Musikolony Blog

ONLY ONEの生き方を目指して


テーマ:
深夜0時過ぎ。
いつものように当直の警備員たちは
退屈な画面に背を向けてカードゲームをしていた。


「おい、エリー、そりゃないだろ。オレやっとストレート揃ったんだぜ」

シュテファン28歳。ここの警備員になって6年。部下からの信頼は厚い。

「シュテファンさん、今日はもらいます。先週けっこう負けましたんでね。」

シュテファンとカードゲームにいそしんでいるのは
シュテファン同様今日当直のエリー24歳。

アイビーリーグの大学を中退し、
フラフラしていた時にサンフランシスコの街中で誘いを受けた。

「あ、シュテファンさん、ちょっと42街区のモニター見てください。」

「えっ?」

シュテファンがモニターを見ると、室内に放置された試験管が映っていた。

「ああ、たまにあるんだよこの街区。
 まぁでもこの研究所は確か危険品は扱ってなかったと思うから大丈夫じゃないか」

「了解です。
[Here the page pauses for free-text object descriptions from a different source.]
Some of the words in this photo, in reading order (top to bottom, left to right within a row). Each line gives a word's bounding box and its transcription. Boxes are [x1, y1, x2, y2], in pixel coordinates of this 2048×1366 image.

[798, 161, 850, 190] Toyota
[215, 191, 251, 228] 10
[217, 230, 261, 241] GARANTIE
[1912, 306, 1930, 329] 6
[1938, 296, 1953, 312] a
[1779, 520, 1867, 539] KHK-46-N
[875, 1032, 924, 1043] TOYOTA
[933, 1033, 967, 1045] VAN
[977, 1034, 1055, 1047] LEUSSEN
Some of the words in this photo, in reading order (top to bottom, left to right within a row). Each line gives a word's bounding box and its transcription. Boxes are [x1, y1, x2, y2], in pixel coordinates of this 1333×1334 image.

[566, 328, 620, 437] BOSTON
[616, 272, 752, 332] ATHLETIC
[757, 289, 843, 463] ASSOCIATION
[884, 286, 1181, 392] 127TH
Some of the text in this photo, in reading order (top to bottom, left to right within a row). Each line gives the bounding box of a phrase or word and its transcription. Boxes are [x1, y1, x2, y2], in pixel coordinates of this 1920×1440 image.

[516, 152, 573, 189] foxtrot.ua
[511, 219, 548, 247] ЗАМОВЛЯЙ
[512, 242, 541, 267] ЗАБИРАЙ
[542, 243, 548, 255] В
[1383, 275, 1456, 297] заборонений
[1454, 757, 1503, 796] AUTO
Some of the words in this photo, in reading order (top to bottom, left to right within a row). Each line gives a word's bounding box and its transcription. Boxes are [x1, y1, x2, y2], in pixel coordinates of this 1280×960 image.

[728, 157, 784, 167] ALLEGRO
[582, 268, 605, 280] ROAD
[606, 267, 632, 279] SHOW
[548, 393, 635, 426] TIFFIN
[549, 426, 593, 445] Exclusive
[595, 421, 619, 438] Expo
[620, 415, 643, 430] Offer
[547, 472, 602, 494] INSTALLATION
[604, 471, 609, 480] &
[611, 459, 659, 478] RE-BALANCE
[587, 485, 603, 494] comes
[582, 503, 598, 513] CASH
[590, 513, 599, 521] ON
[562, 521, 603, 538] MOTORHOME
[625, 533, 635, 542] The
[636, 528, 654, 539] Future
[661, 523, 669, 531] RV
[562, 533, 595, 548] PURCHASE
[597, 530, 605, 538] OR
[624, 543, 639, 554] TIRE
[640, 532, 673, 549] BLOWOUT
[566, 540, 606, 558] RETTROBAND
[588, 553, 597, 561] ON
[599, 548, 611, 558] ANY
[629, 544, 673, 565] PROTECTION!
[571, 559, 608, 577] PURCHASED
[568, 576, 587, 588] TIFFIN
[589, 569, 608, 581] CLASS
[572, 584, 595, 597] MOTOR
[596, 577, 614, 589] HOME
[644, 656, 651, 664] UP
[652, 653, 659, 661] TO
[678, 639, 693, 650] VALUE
」 エリーは納得したようにまたカードを切り始めた。

エリーがカードを切っている間、
シュテファンは退屈しのぎに時計を見てため息とともにつぶやいた。

「..はぁぁ。 あと3時間かよ。 なんか不思議だよな。」

エリーは、切り終わったカードを配りながらシュテファンの顔を見つめる。

「..8時間ずつしか活動しない世界の人達を、
  なんで俺たちが12時間のシフト制で勤務しなきゃいけないんだよって。」

「..確かにそうですね。」


二人はカードを配り終え、手持ちのカードに見入った。

しばらくの沈黙の後、

ジリリリリリリン

「主任だ。」 そういってシュテファンは受話器を手に取った。


「はい。シュテファンです。... はい。   ... はい。 わかりました。」



ガチャ。



「何の電話でした?」 エリーがあまり興味のない声で聞く。


「明日なぁ、なんか新人が来るらしいんよ。だから管理室片づけとけってさ。」


「プーー」   エリーはブーイングをこう表現した。


シュテファンは続ける。

「しょうがねぇ、仕事すっか。そういえば、見回り隊はかえって来たっけ?」

エリー
「いえ、まだですね。」


シュテファン

「気合入ってる時の主任は朝が早い。早めに見回り終わらて掃除手伝わせよう。
 じゃあ見回り隊に連絡とっといてくれる?ちょっと1本たばこ吸ってくるから。」

エリー
「了解です。」



今日の当直は彼ら二人を含めて約30名。

どこの組にも同じような時間が流れている。